# Your instructions
Give back the lines below exactly, but do not include any pictures.

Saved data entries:
# # #
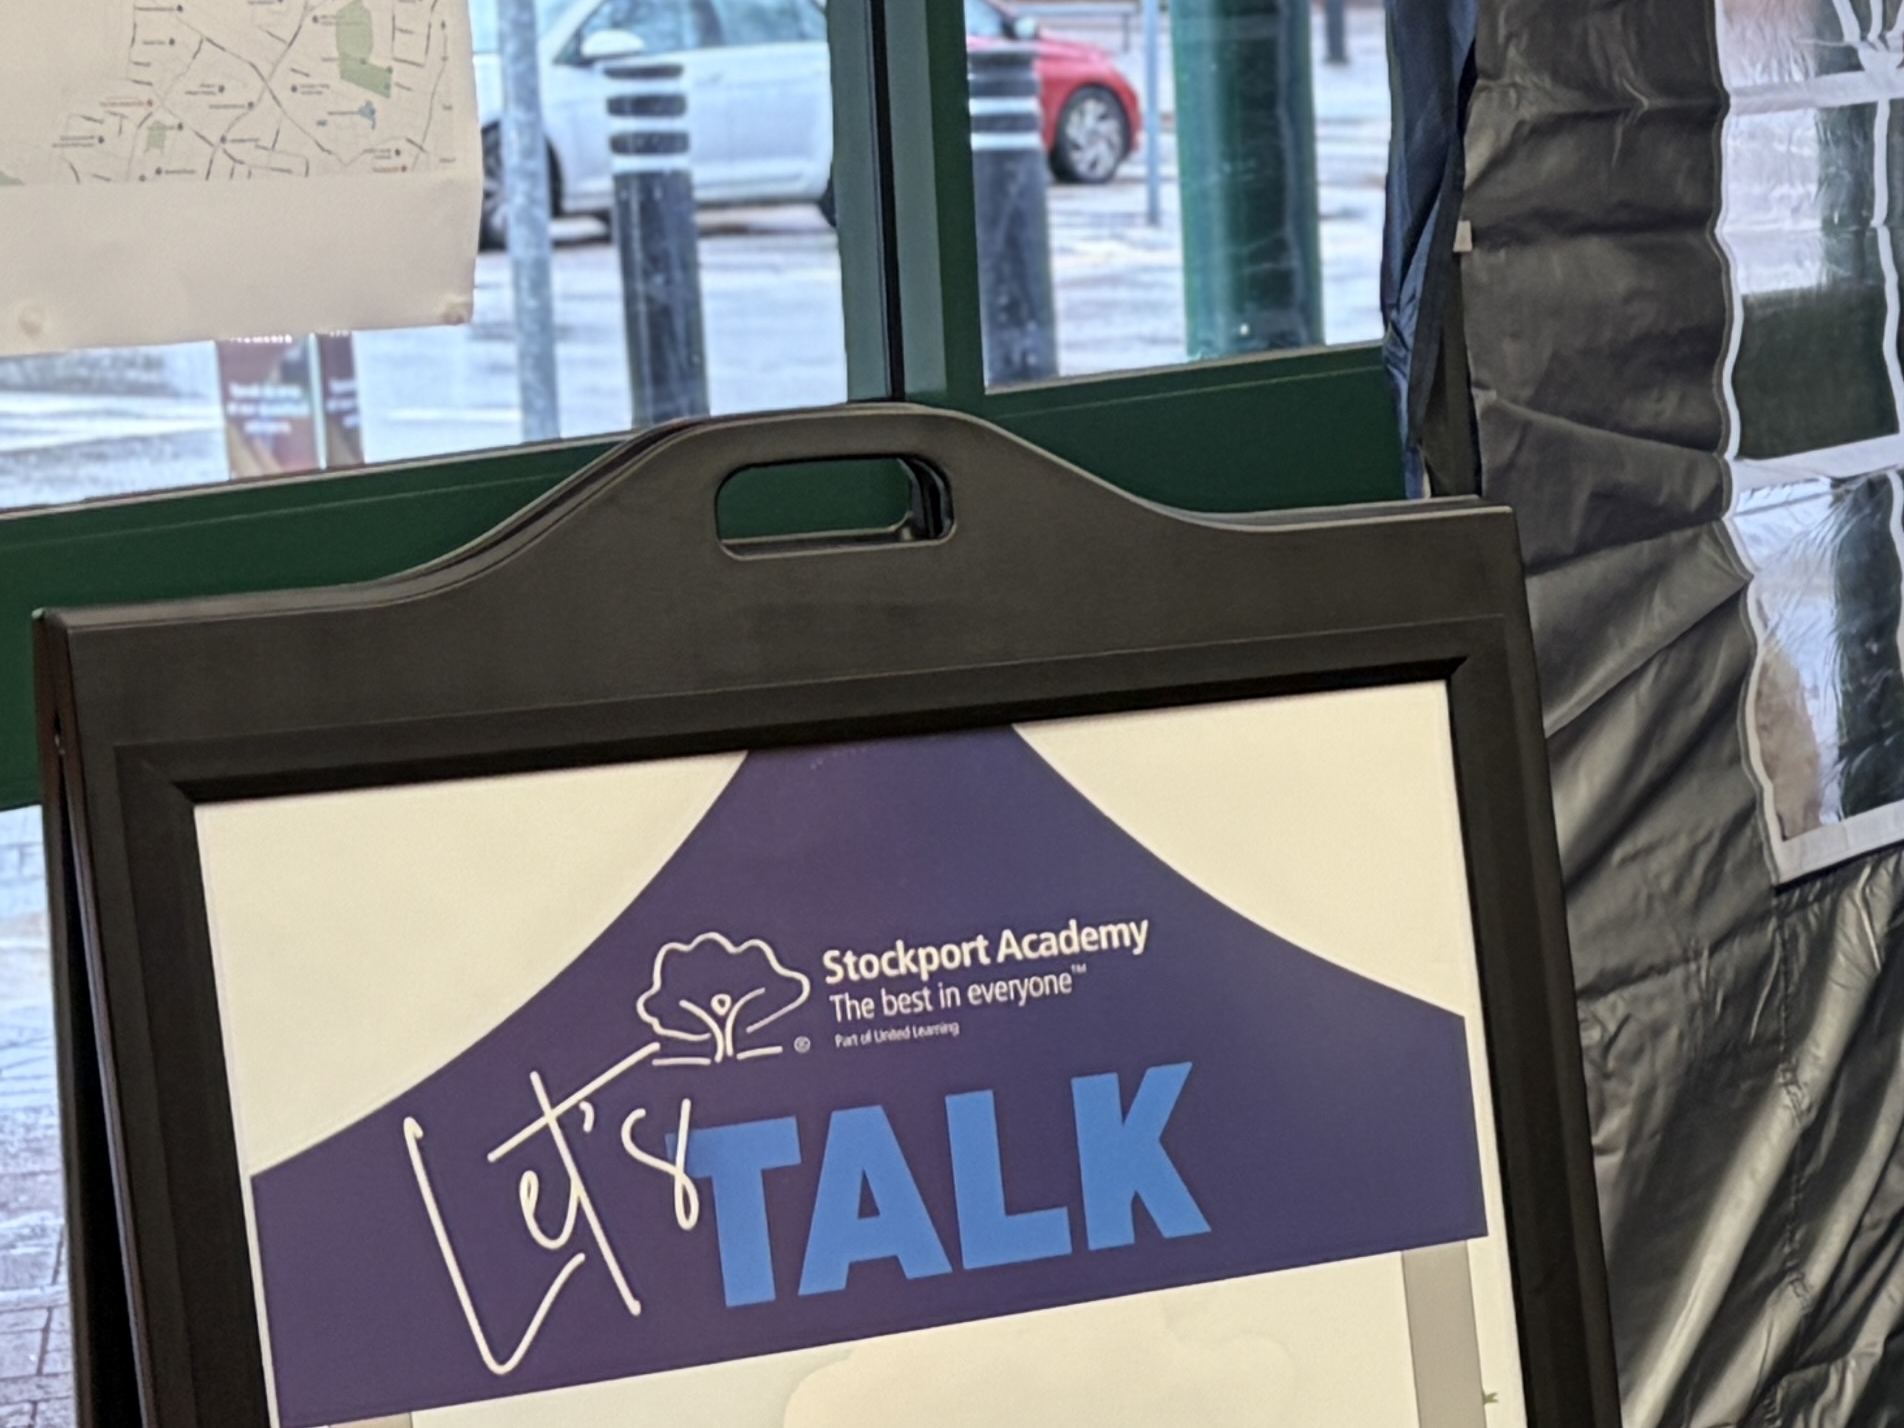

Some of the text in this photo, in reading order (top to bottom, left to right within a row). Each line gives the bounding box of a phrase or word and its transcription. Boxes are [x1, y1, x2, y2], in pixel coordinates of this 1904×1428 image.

[822, 918, 1149, 984] Stockport Academy
[829, 992, 875, 1022] The
[881, 985, 933, 1016] best
[938, 982, 961, 1009] in
[834, 1021, 960, 1048] Part of United Learning
[403, 1042, 700, 1374] Let's
[667, 1061, 1212, 1308] TALK
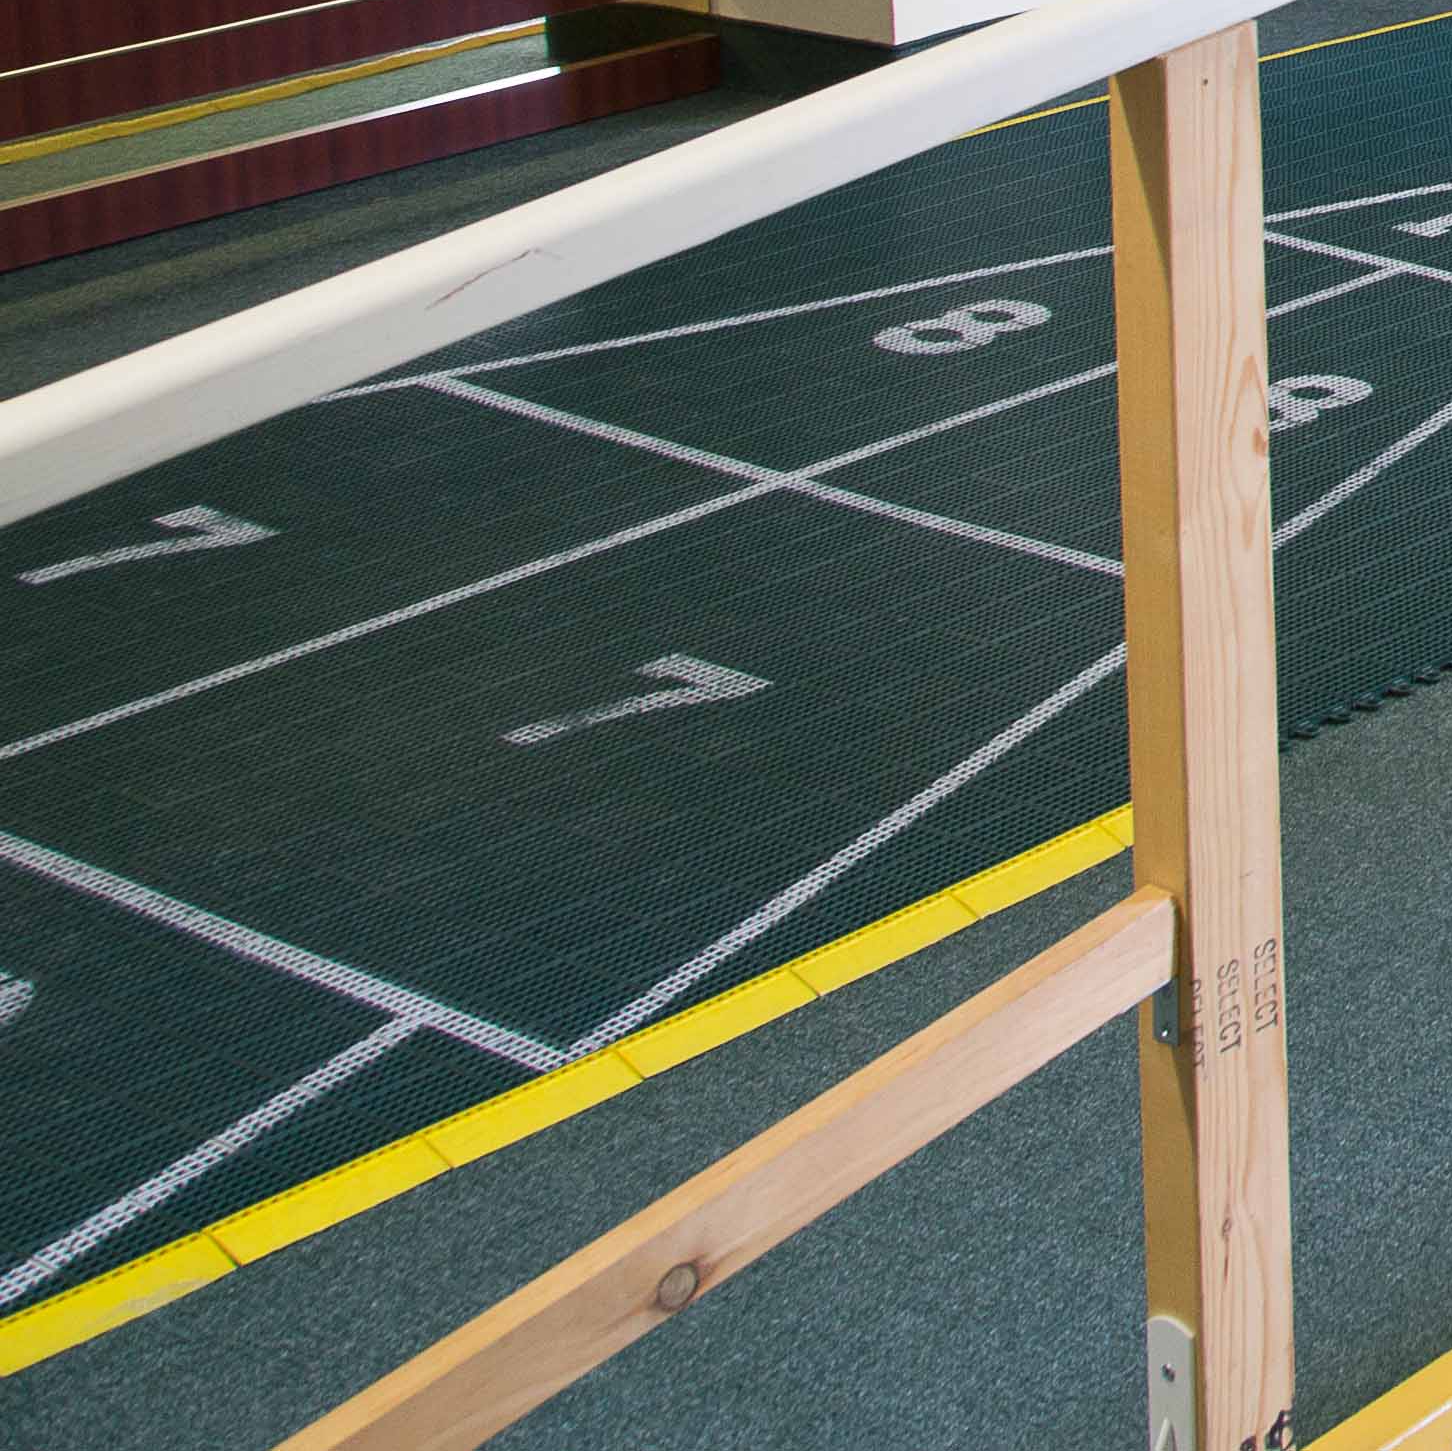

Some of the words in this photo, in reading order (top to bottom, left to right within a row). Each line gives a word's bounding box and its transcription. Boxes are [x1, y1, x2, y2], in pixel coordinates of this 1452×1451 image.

[872, 298, 1053, 356] 8
[16, 504, 281, 584] 7
[500, 652, 775, 745] 7
[1217, 958, 1242, 1054] SELECT
[1254, 937, 1278, 1033] SELECT
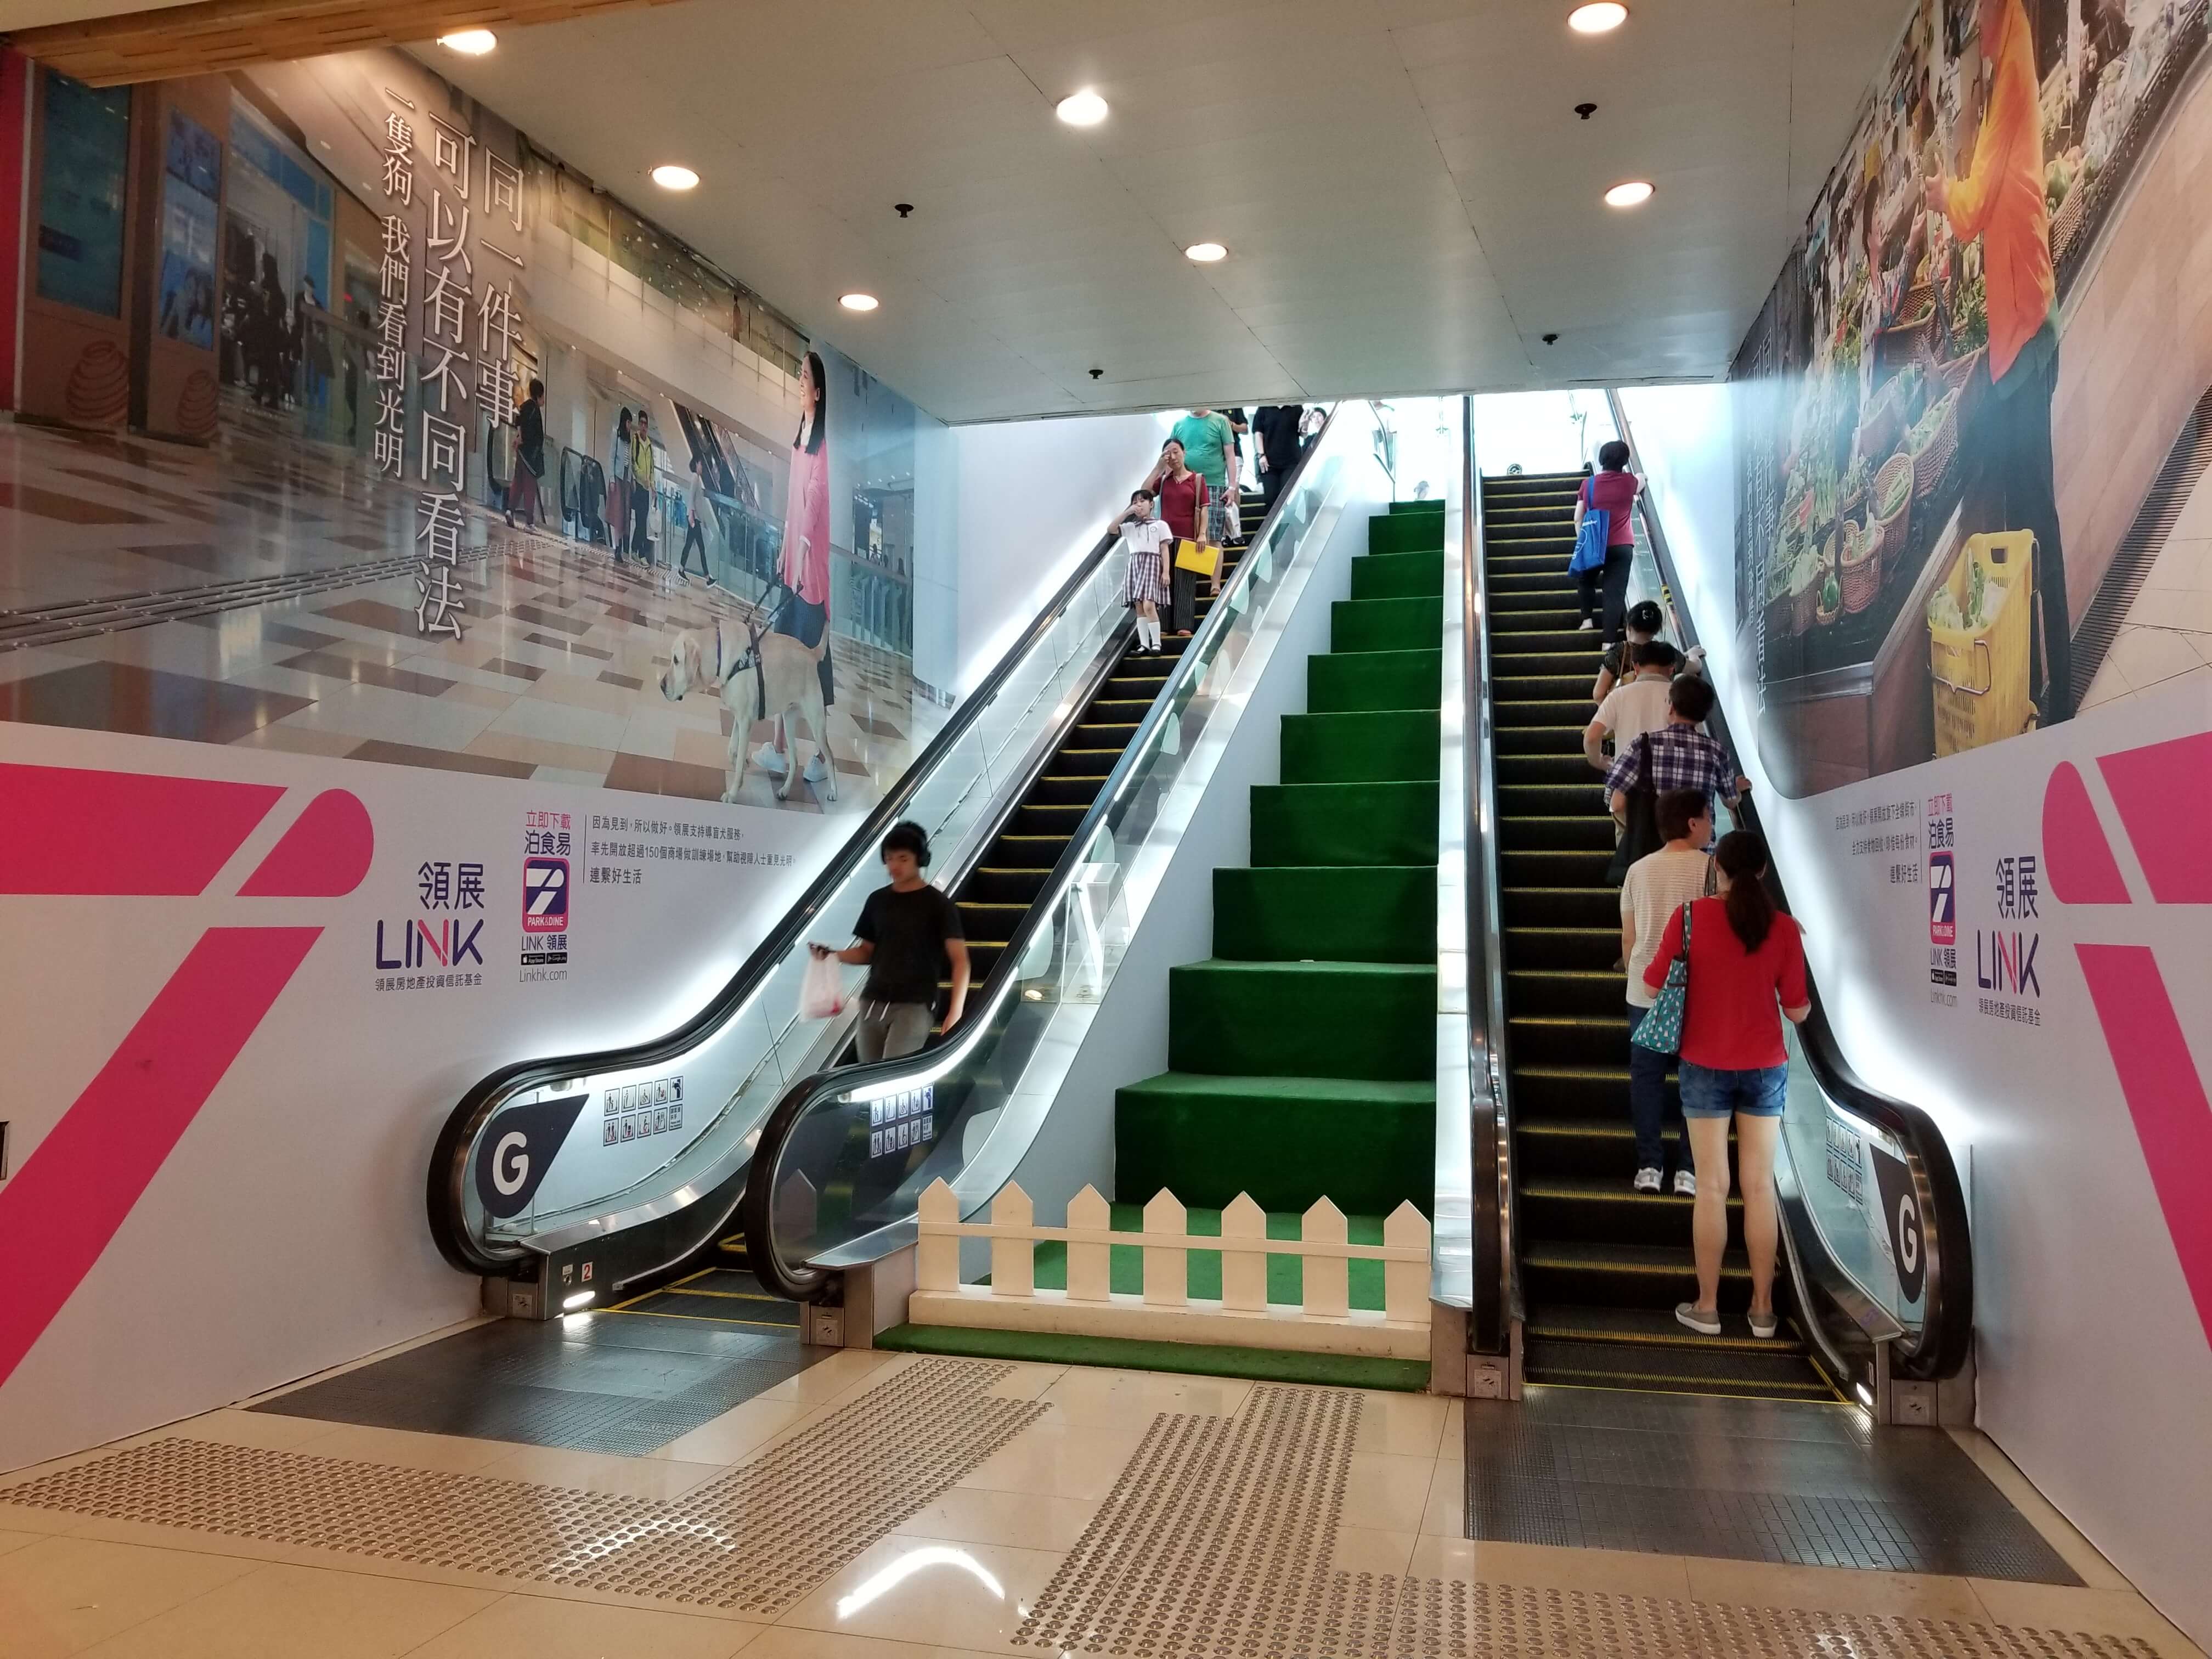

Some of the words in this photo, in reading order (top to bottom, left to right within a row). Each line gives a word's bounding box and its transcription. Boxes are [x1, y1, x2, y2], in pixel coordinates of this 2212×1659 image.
# # #
# Reply
Some of the text in this photo, in reading order (top to bottom, left to right within a row). Each line gives the bounding box of a phrase or word and its transcription. Boxes are [x1, y1, x2, y2], in pixel coordinates of this 1904×1428 image.

[822, 918, 1149, 984] Stockport Academy
[829, 992, 875, 1022] The
[881, 985, 933, 1016] best
[938, 982, 961, 1009] in
[834, 1021, 960, 1048] Part of United Learning
[403, 1042, 700, 1374] Let's
[667, 1061, 1212, 1308] TALK

Some of the words in this photo, in reading order (top to bottom, left to right within a row). Each line gives a word's bounding box and its transcription. Boxes are [x1, y1, x2, y2], in pixel coordinates of this 1452×1451 image.

[872, 298, 1053, 356] 8
[16, 504, 281, 584] 7
[500, 652, 775, 745] 7
[1217, 958, 1242, 1054] SELECT
[1254, 937, 1278, 1033] SELECT

Some of the words in this photo, in reading order (top to bottom, left to right within a row). Each line gives a word's bounding box and its transcription. Boxes are [x1, y1, x2, y2], in pixel coordinates of this 2212×1659 image.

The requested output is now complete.